▽

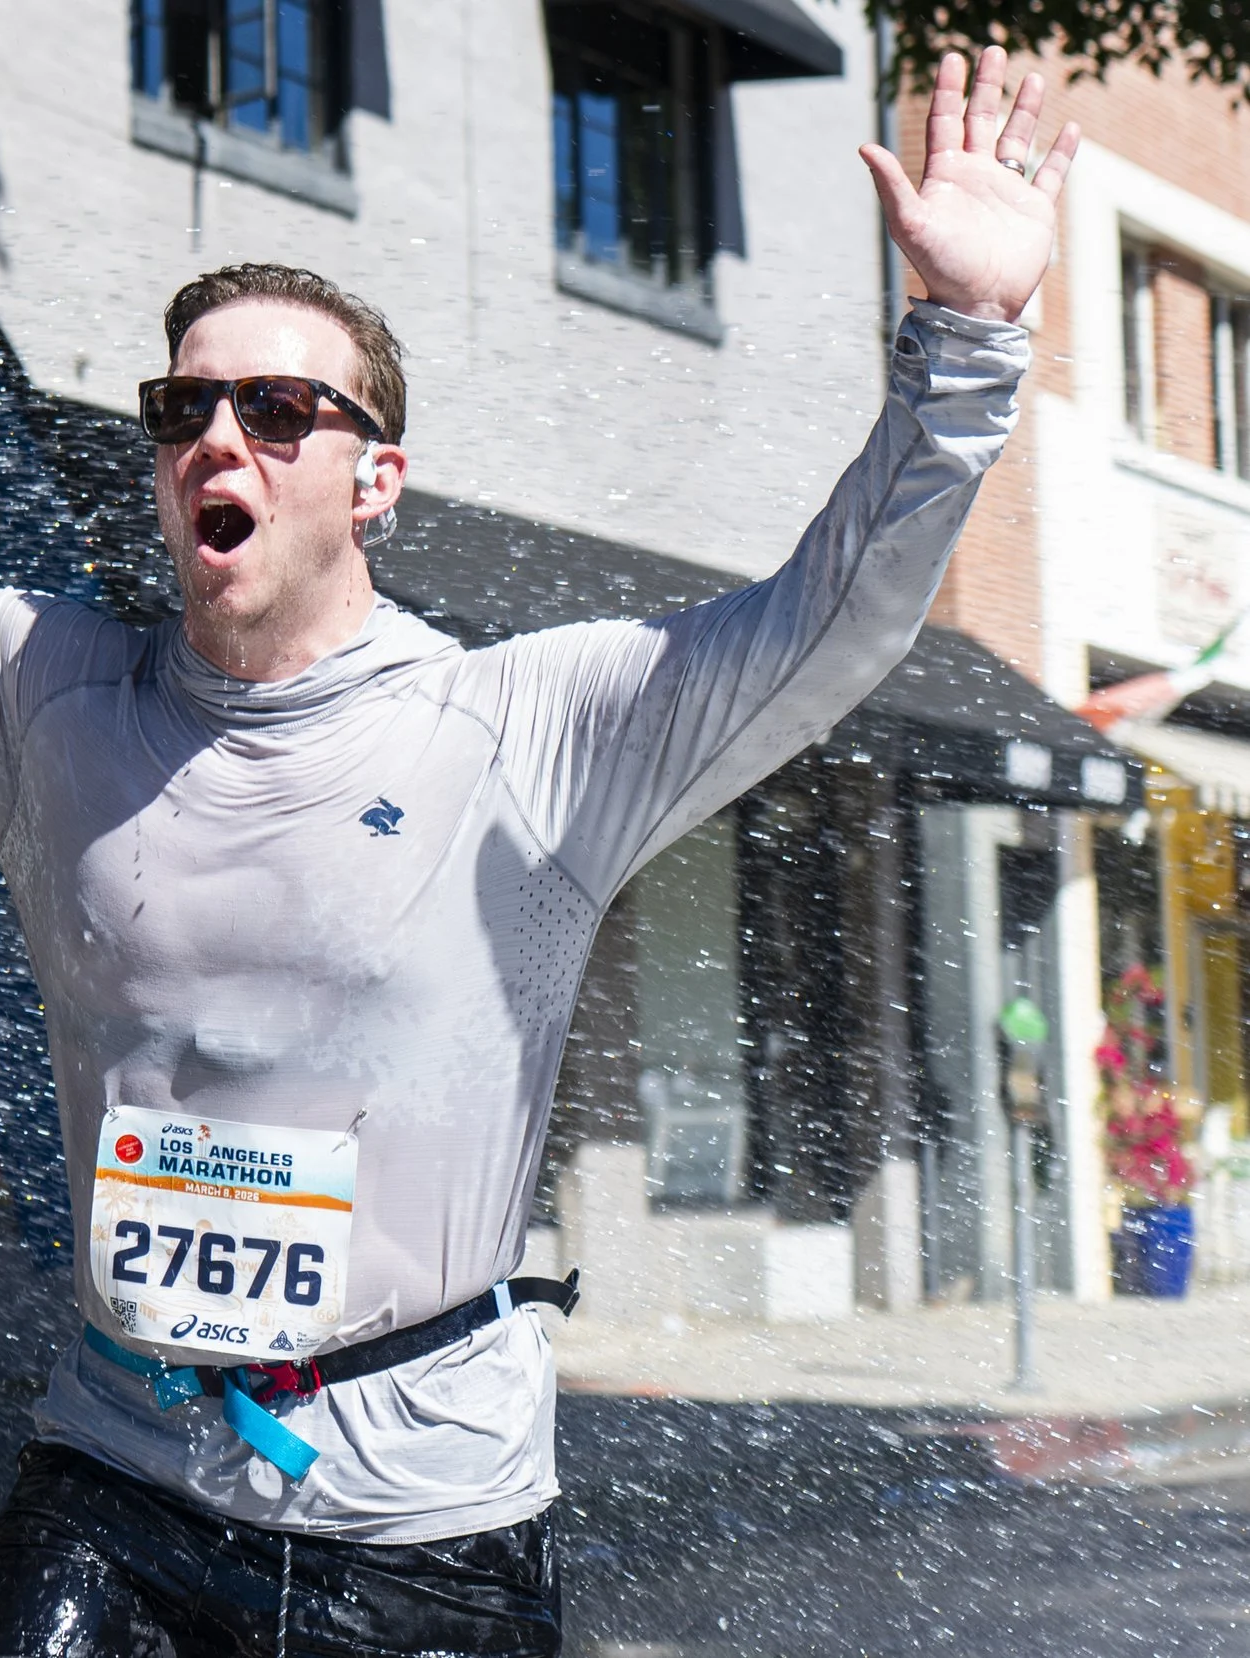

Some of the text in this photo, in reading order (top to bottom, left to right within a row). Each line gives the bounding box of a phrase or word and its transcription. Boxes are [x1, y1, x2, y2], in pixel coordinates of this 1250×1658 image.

[172, 1125, 193, 1136] asics
[160, 1138, 193, 1154] LOS
[209, 1145, 293, 1167] ANGELES
[159, 1155, 291, 1187] MARATHON
[185, 1182, 221, 1197] MARCH
[234, 1190, 260, 1202] 2026
[112, 1220, 324, 1307] 27676
[317, 1309, 335, 1321] 66
[196, 1322, 250, 1344] asics
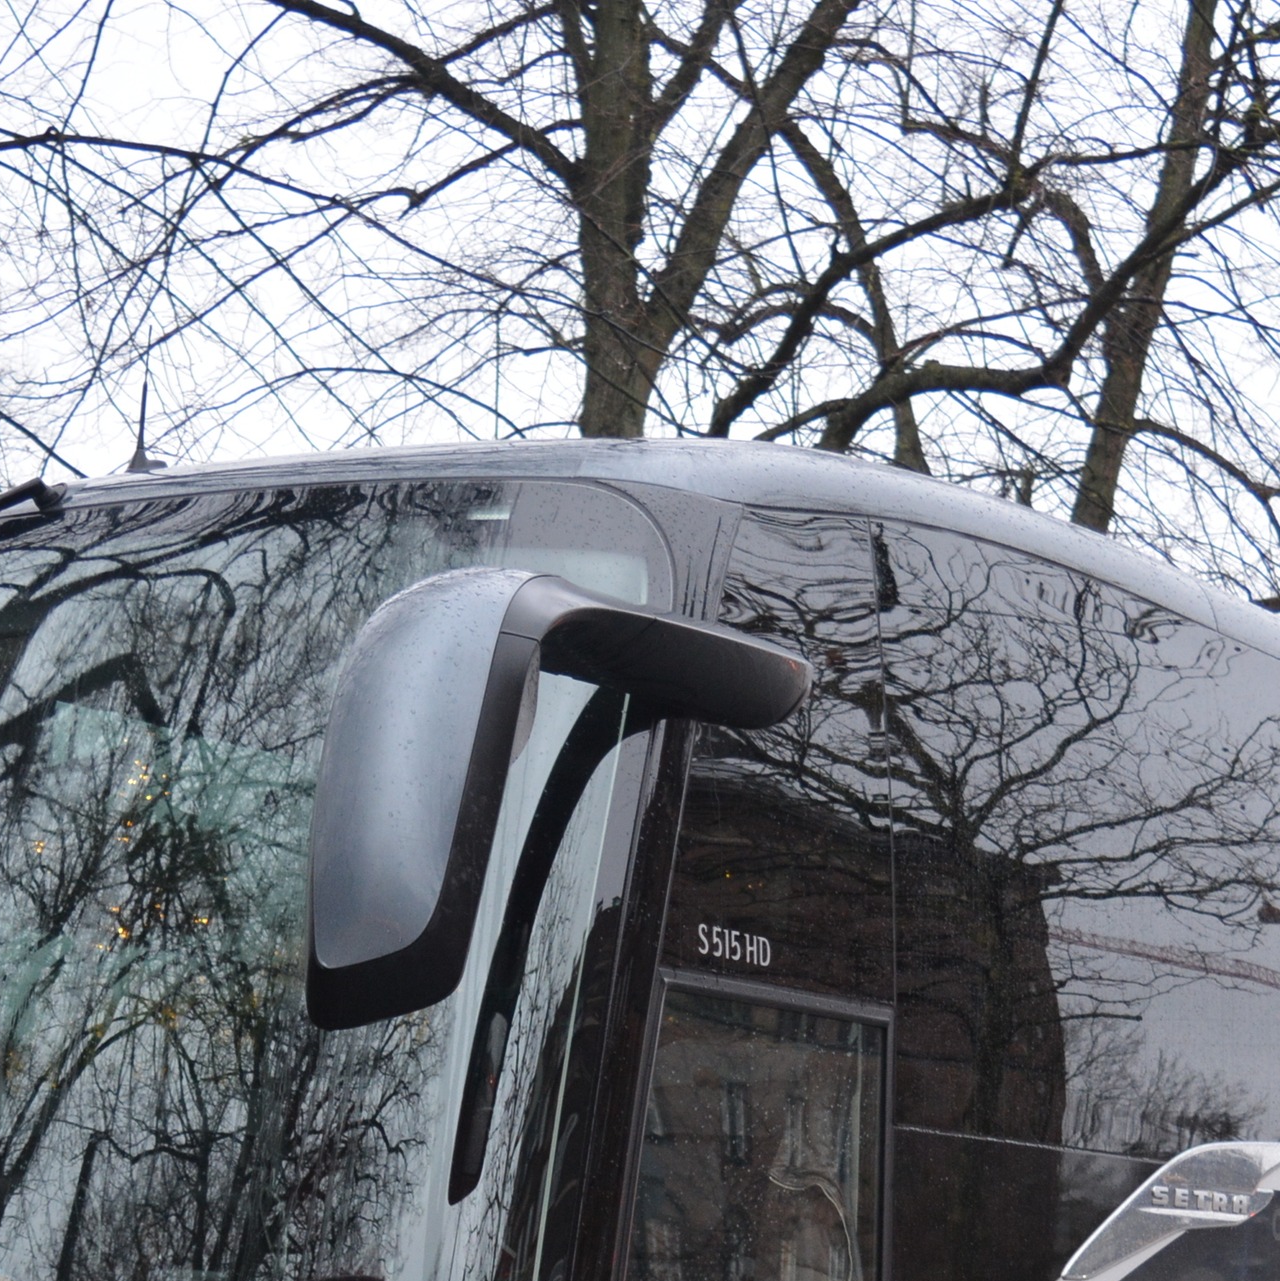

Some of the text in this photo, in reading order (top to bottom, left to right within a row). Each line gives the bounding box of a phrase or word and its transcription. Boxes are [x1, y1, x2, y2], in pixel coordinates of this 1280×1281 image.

△

• **Prompt**
None of the pictures should be reproduced; all other material above must be set down exactly.

• **Finished task**
Some of the text in this photo, in reading order (top to bottom, left to right within a row). Each line gives the bounding box of a phrase or word and its transcription. Boxes are [x1, y1, x2, y2], in pixel coordinates of this 1250×1658 image.

[172, 1125, 193, 1136] asics
[160, 1138, 193, 1154] LOS
[209, 1145, 293, 1167] ANGELES
[159, 1155, 291, 1187] MARATHON
[185, 1182, 221, 1197] MARCH
[234, 1190, 260, 1202] 2026
[112, 1220, 324, 1307] 27676
[317, 1309, 335, 1321] 66
[196, 1322, 250, 1344] asics

Some of the text in this photo, in reading order (top to bottom, left to right within a row). Each line gives the bounding box of a phrase or word and its transcription. Boxes are [x1, y1, x2, y2], in pixel coordinates of this 1280×1281 image.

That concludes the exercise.